Bea is the adopted child of the wise Wizard Pig, and their job is to guard the eternal fire. In the forest, Bea meets Cadi, who is looking for Pig Wizard, whose Galduuri tribe has long been thought to have disappeared.
However, the pig wizard has disappeared. During the search trip, it becomes clear that an ancient enemy has awakened and threatens to plunge the world into eternal darkness. And who is Bea herself? Probert perfectly describes Bea's overwhelming sadness and confusion, the freezing fear of her own failure.
The atmosphere of the award-winning cartoon is still bright and light, full of funny details and the power of friendship.
Arla Kanerva
10. Flashes of youth
Tapani Bagge: Cruel Love. Aviator. 118 pp. 14 +
Boys and young men don't read, is reported with increasing concern year after year. I met Bagge a compact collection of short stories Cruel love is a welcome answer to the cry: a book for those who rarely find themselves in books.
Tommi robs a store, Jenni returns a cell phone that fell on the ground to an unknown grandmother, Tatu gets a tattoo and the brothers go carjacking. The boys' band is joined by the wonderful Maritta, who evokes all kinds of emotions.

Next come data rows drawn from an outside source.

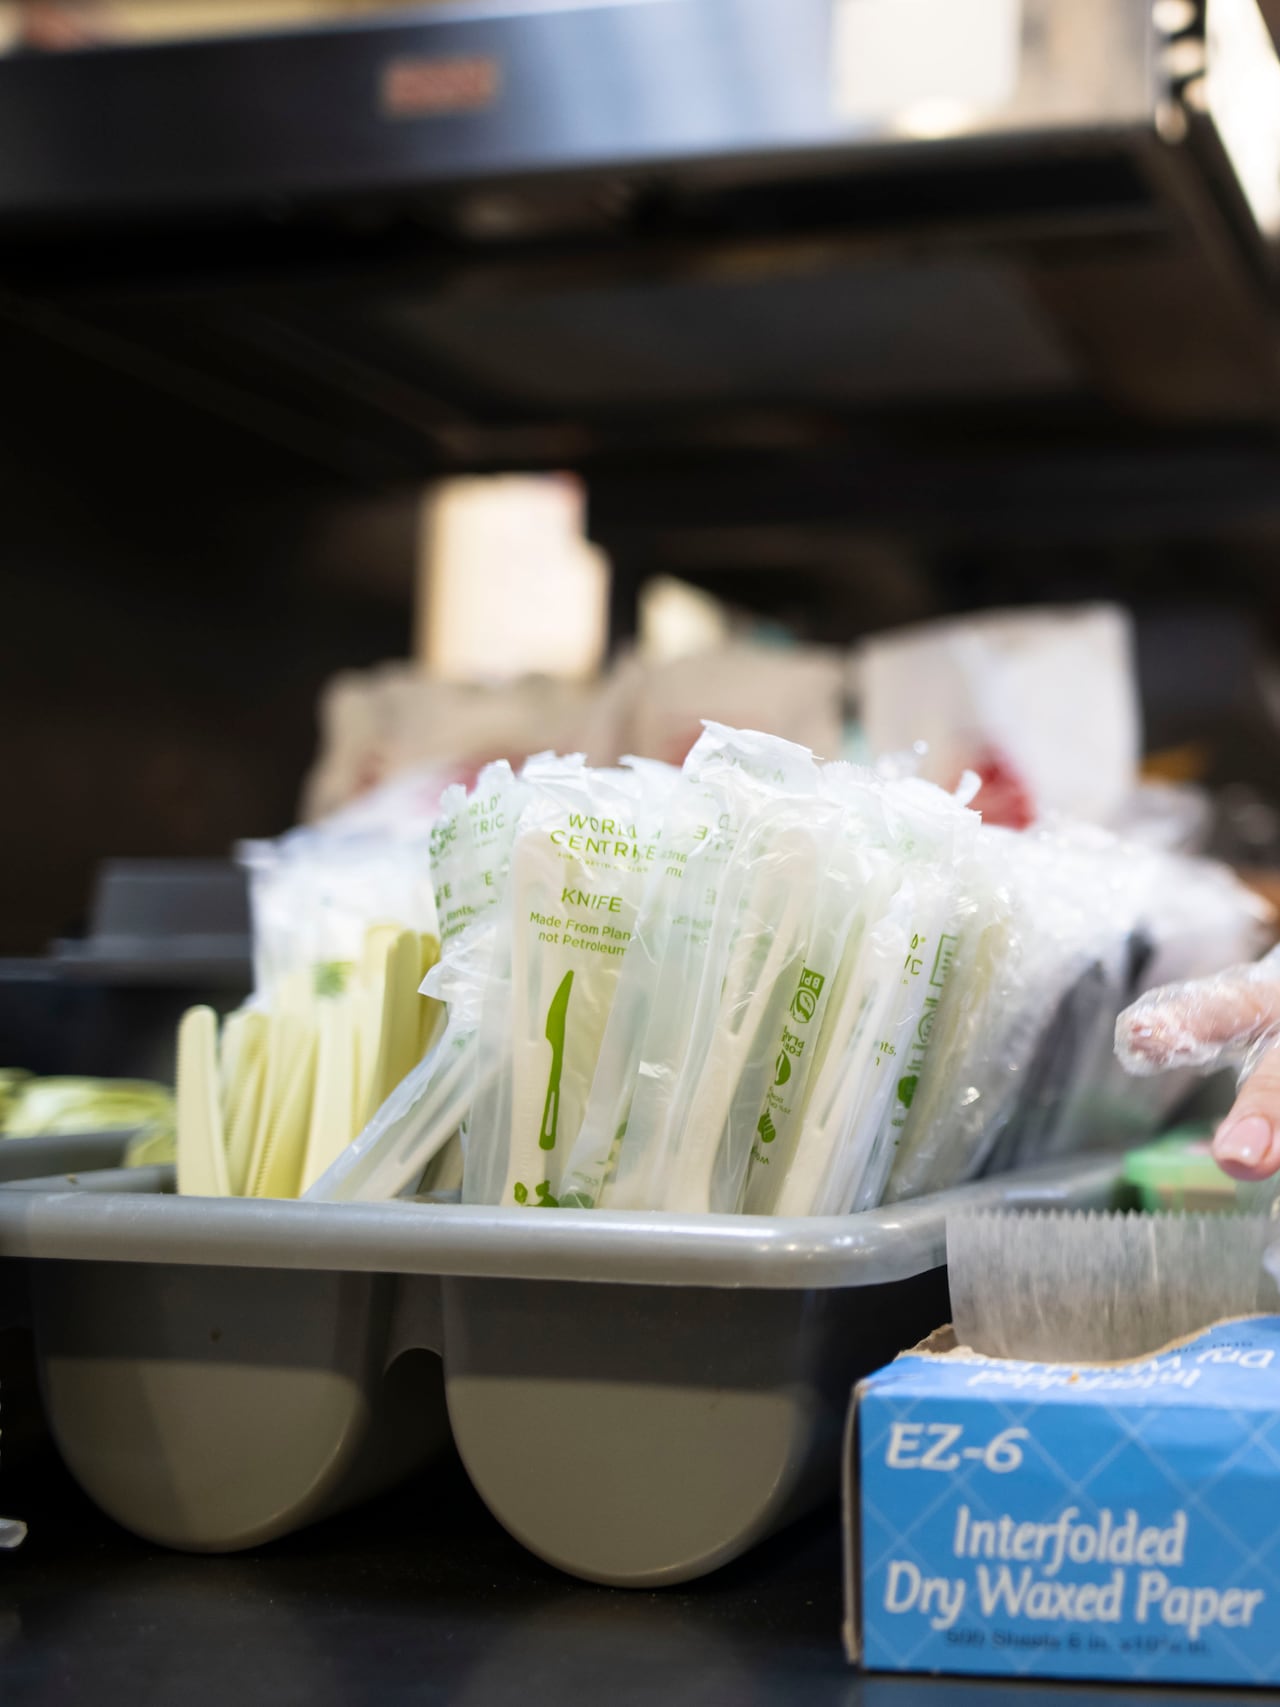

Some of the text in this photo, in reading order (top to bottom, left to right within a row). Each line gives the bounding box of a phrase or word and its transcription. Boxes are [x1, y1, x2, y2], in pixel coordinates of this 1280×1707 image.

[561, 886, 624, 913] KNIFE
[529, 911, 632, 941] Made From Plan
[538, 931, 559, 944] not
[885, 1421, 1030, 1473] EZ-6
[953, 1503, 1188, 1576] Interfolded
[884, 1559, 1265, 1640] Dry Waxed Paper
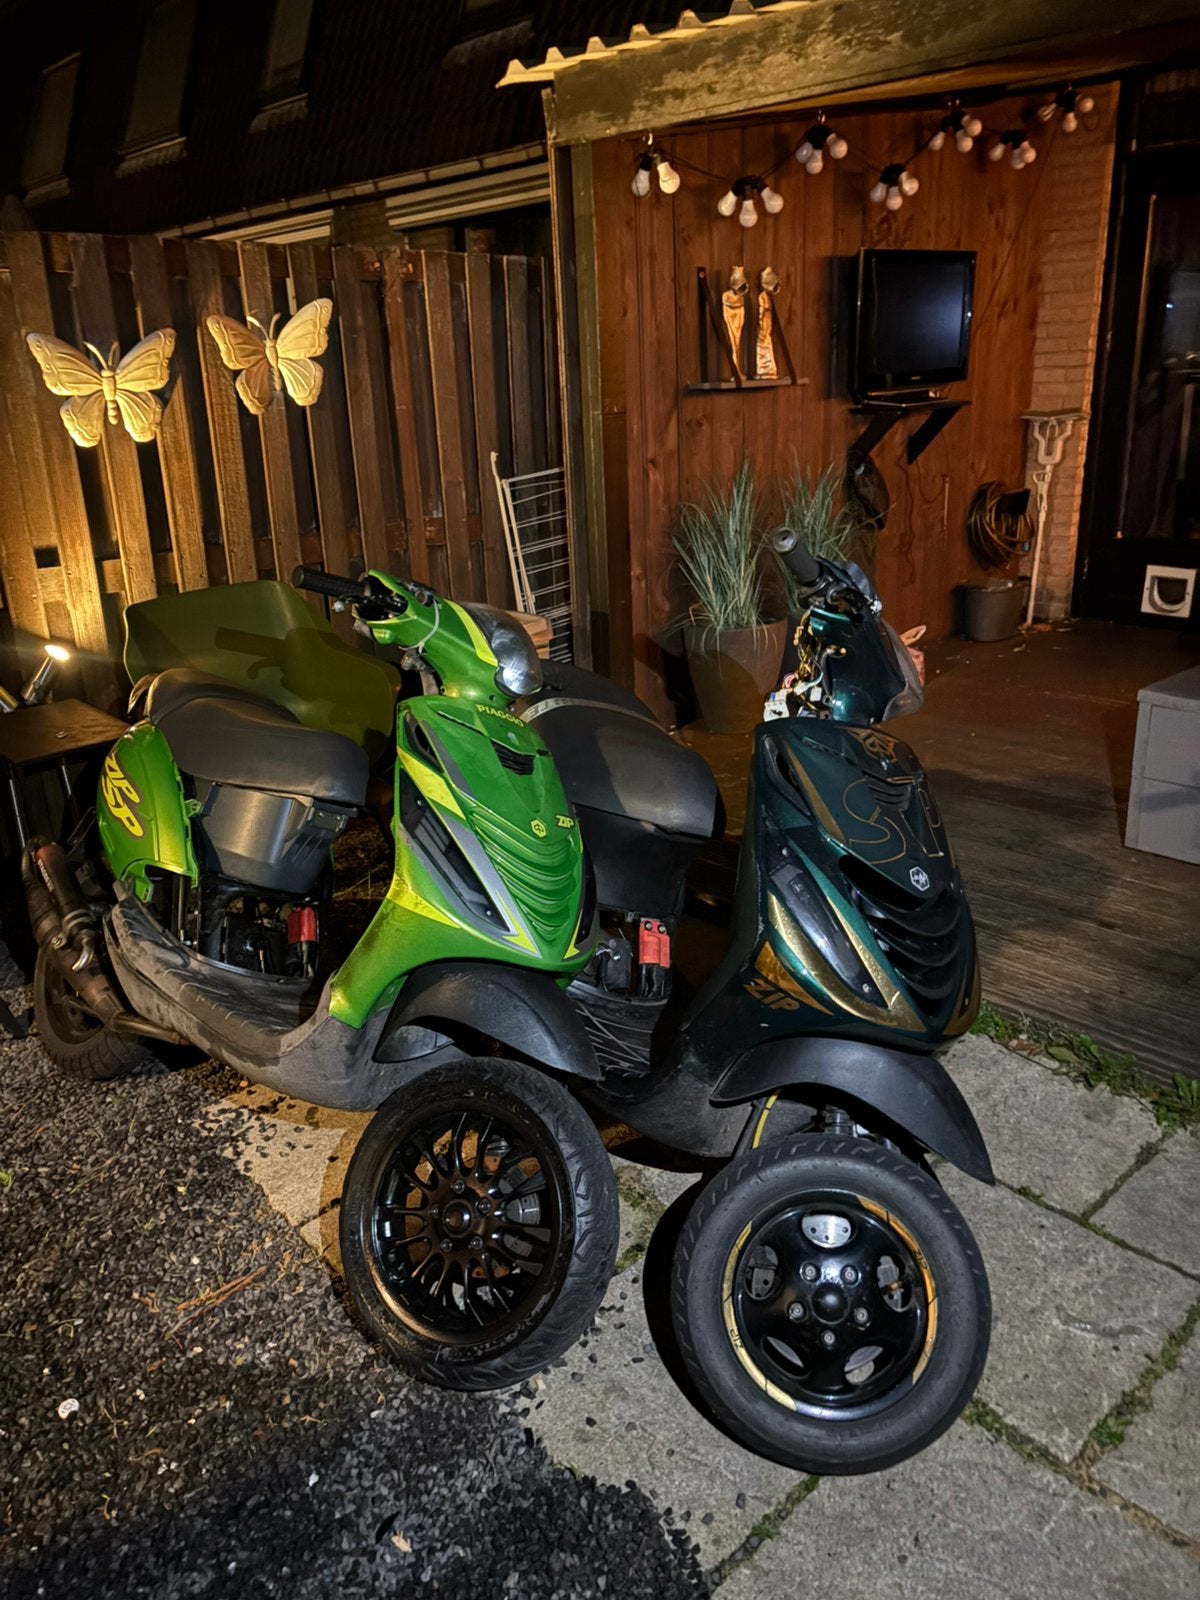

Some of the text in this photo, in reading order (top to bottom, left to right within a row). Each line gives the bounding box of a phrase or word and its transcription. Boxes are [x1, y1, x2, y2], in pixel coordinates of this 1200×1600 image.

[476, 704, 525, 728] PIAGGIO
[104, 753, 140, 804] ZIP
[101, 774, 144, 837] SP
[555, 815, 575, 829] ZIP
[741, 977, 801, 1012] ZIP

Awarded Laivakello for his children's books, Bagge's style is concise and smooth, without unnecessary underlining. Cruel love the short stories offer recognizable glimpses of youth that one can only hope will find their target audience.
Arla Kanerva
11. A hanging rainbow story
Johan Ehn: Horse boys (Hästpojkarna). Finnish Sirje Niitepõld. Big Dipper. 349 pp. 14+
For young people oriented rainbow literature in Finland has long been gratifyingly open and courageous. Sweden also knows how to: Johan Ehnin Horse boys is a great and touching overview of the recent history of LGBTQ people not only in the Nordic countries, but also more widely in Europe.
The novel intertwines two time planes that run through different decades. In the present, there is Anton, a boy from Stockholm who works in a care home for the elderly. On a home visit, he gets to know Alexander Kovac, almost a hundred years old, who has fortified himself in the kitchen and refuses to talk. Anton finds mysterious old photographs in the old man's home, but also a letter from the Gestapo.

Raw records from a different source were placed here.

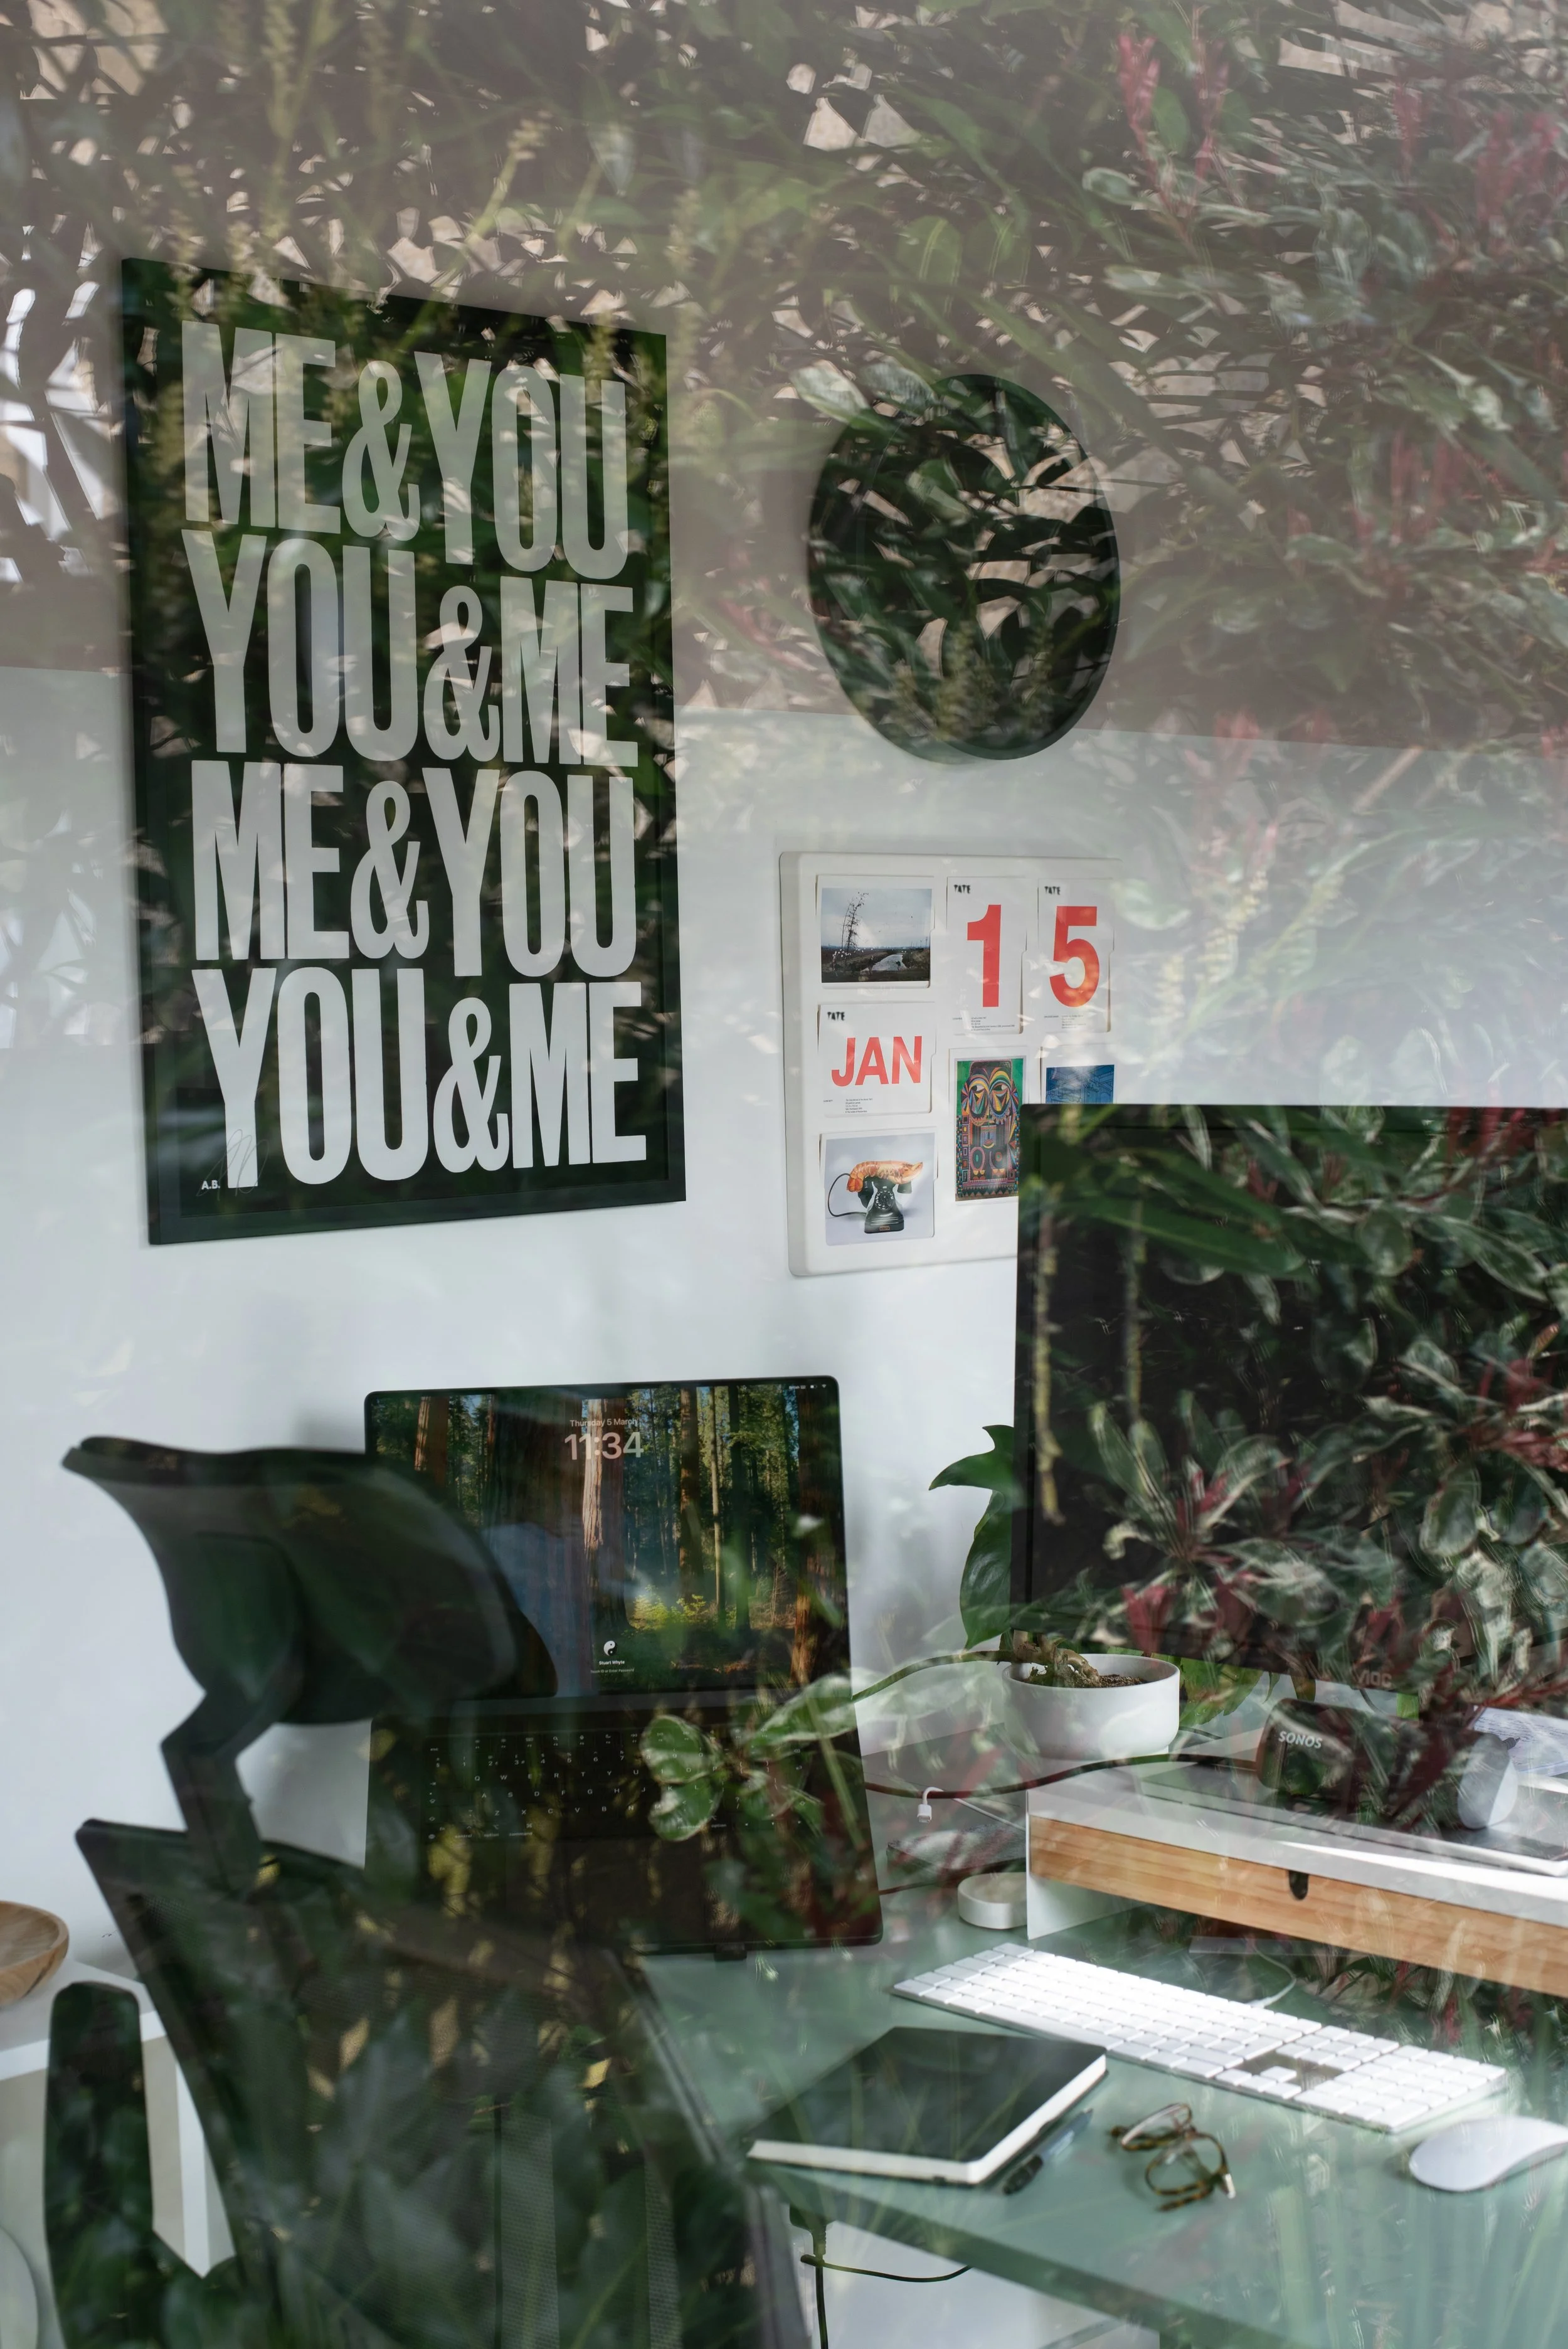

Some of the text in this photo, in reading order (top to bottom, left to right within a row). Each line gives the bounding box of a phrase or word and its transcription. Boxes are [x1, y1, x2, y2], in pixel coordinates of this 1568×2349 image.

[181, 319, 628, 580] ME&YOU
[181, 528, 638, 767] YOU&ME
[191, 759, 637, 977] ME&YOU
[953, 884, 971, 894] TATE
[1044, 886, 1061, 895] TATE
[967, 904, 1002, 1007] 1
[1049, 905, 1100, 1007] 5
[827, 1011, 844, 1021] TATE
[191, 967, 647, 1189] YOU&ME
[831, 1036, 922, 1087] JAN
[201, 1179, 221, 1190] A.B.
[613, 1418, 638, 1426] March
[564, 1431, 644, 1460] 11:34
[1278, 1731, 1323, 1749] SONOS

In 1920s Prague, Sasha runs away from the orphanage with his friend Janek and joins the circus. The boys discover that they feel more than just friendship for each other. As circus performers, they are praised. In Berlin they find a queer community where they can be exactly who they are. For a while everything is great, but Hitler's the brown shirts are already on the move.
In 2020, Ehn's novel received the Nils Holgersson award and was also nominated for the Nordic Council's children's and youth literature award. Five of the age limit: Horse boys works equally well for adults. It's a sobering reminder that we need to know our history in order to avoid repeating its worst mistakes.